An example of a well-defined goal (structured in three parts) is as follows.
1) The trained neural network needs to be robust to inputs dissimilar to those on which it has been
trained.
2) Inputs are assumed to be from the same domain and can include both physically realizable and
hypothetical.
3) Metrics that can be used are included in 5.2.2.
Depending on the task addressed by the AI system (e.g. classification, interpolation/regression)
different statistical metrics are possible. This subclause describes common statistical metrics available
and the way to calculate them. The list is not exhaustive and some of these metrics are compatible with
other tasks. It is possible to use them independently or in combination. Depending on the application,
there are also numerous task-specific metrics (e.g. BLEU, TER or METEOR for machine translation,
intersection over union for object detection in images, or mean average precision for ranked retrieval),
but their description is out of the scope of this document.
5.2.2 Examples of performance measures for interpolation
5.2.2.1 Root mean square error or root mean square deviation
The root mean square error (RMSE) is the standard deviation of the residuals (prediction errors).

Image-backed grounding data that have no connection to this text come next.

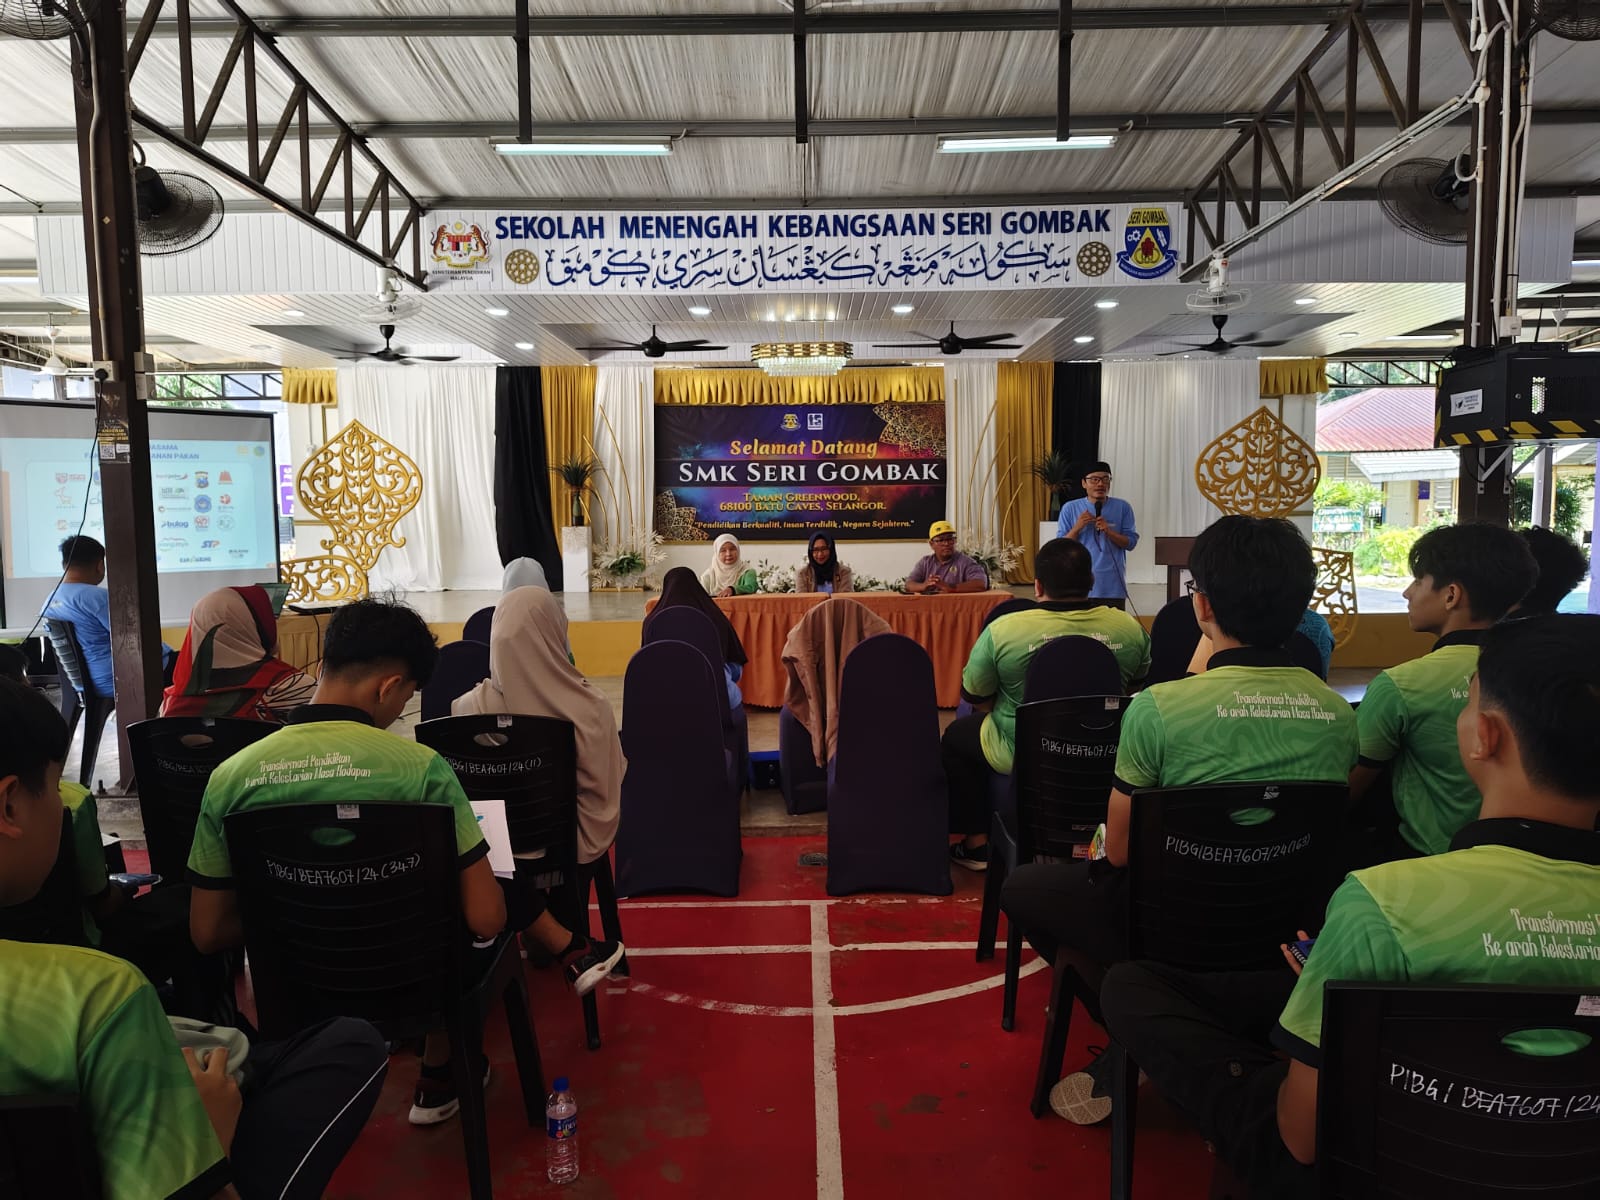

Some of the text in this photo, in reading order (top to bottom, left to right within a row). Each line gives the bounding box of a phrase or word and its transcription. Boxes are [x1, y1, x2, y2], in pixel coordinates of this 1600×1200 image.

[495, 209, 1111, 240] SEKOLAH MENENGAH KEBANGSAAN SERI GOMBAK
[151, 443, 178, 451] ASAMA
[730, 438, 878, 459] Selamat Datang
[151, 453, 173, 461] ANAN
[679, 462, 940, 482] SMK SERI GOMBAK
[744, 492, 861, 502] TAMAN GREENWOOD,
[720, 501, 887, 512] 68100 BATU CAVES, SELANGOR.
[843, 521, 871, 530] Negara
[201, 540, 220, 548] STP
[1233, 690, 1320, 706] Transformasi Pendidikan
[1216, 704, 1228, 718] Ke
[1230, 705, 1249, 718] arah
[1249, 704, 1291, 719] Kelestarian
[260, 752, 351, 773] Transformasi Pendidikan
[269, 768, 313, 785] Kelestarian
[1510, 908, 1596, 936] Transformasi
[1482, 932, 1502, 957] Ke
[1505, 933, 1538, 957] arah

Residuals are a measure of how far from the regression line data points are and RMSE is a measure of
the spread of the residuals.
8 © ISO/IEC 2021 – All rights reserved
5.2.2.2 Max error
Max error is either an absolute or a relative metric calculating a value in the input data and the
corresponding value in the prediction from the AI system. The absolute max error is the maximal
signed difference between a value in the input data and the corresponding value in the prediction from
the AI system. The relative max error is the percentage of the width of the variation domain on which
the AI system operates.
5.2.2.3 Actual/predicted correlation
The actual/predicted correlation is the linear correlation (in the statistical sense) between the actual
values and the predicted values for every value considered in a set.
5.2.3 Examples of performance measures for classification
5.2.3.1 General notions and associated basic metrics
A set of samples can have the following characteristics:
— total population: the total number of samples in the data;
— condition positive: the number of real positive cases in the data;
— condition negative: the number of real negative cases in the data;
— prediction positive: the number of samples classified as positive;
— prediction negative: the number of samples classified as negative;
— prevalence: the proportion of a particular class in the total number of samples.

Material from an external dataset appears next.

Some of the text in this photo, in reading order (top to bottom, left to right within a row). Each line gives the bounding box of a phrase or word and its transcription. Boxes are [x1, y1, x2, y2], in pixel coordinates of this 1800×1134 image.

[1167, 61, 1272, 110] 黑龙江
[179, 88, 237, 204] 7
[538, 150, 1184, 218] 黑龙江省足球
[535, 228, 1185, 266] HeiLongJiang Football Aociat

Each instance in the set of samples is classified by the classification system in one of the following ways:
— true positive (hit): instance belongs to the class and is predicted as belonging to the class;
— true negative (correct rejection): instance does not belong to the class and is predicted as not
belonging to the class;
— false positive (false alarm, Type I error): instance does not belong to the class and is predicted as
belonging to the class;
— false negative (miss, Type II error): instance belongs to the class and is predicted as not belonging
to the class.
Several metrics are built on top of these sample characteristics, as described in Table 1.
— True positive rate, sensitivity: the true positive rate (also known as sensitivity, recall or probability
of detection) indicates the proportion of objects correctly classified as positive in the total number
of positive objects.
— True negative rate, specificity: the true negative rate (also known as specificity or selectivity)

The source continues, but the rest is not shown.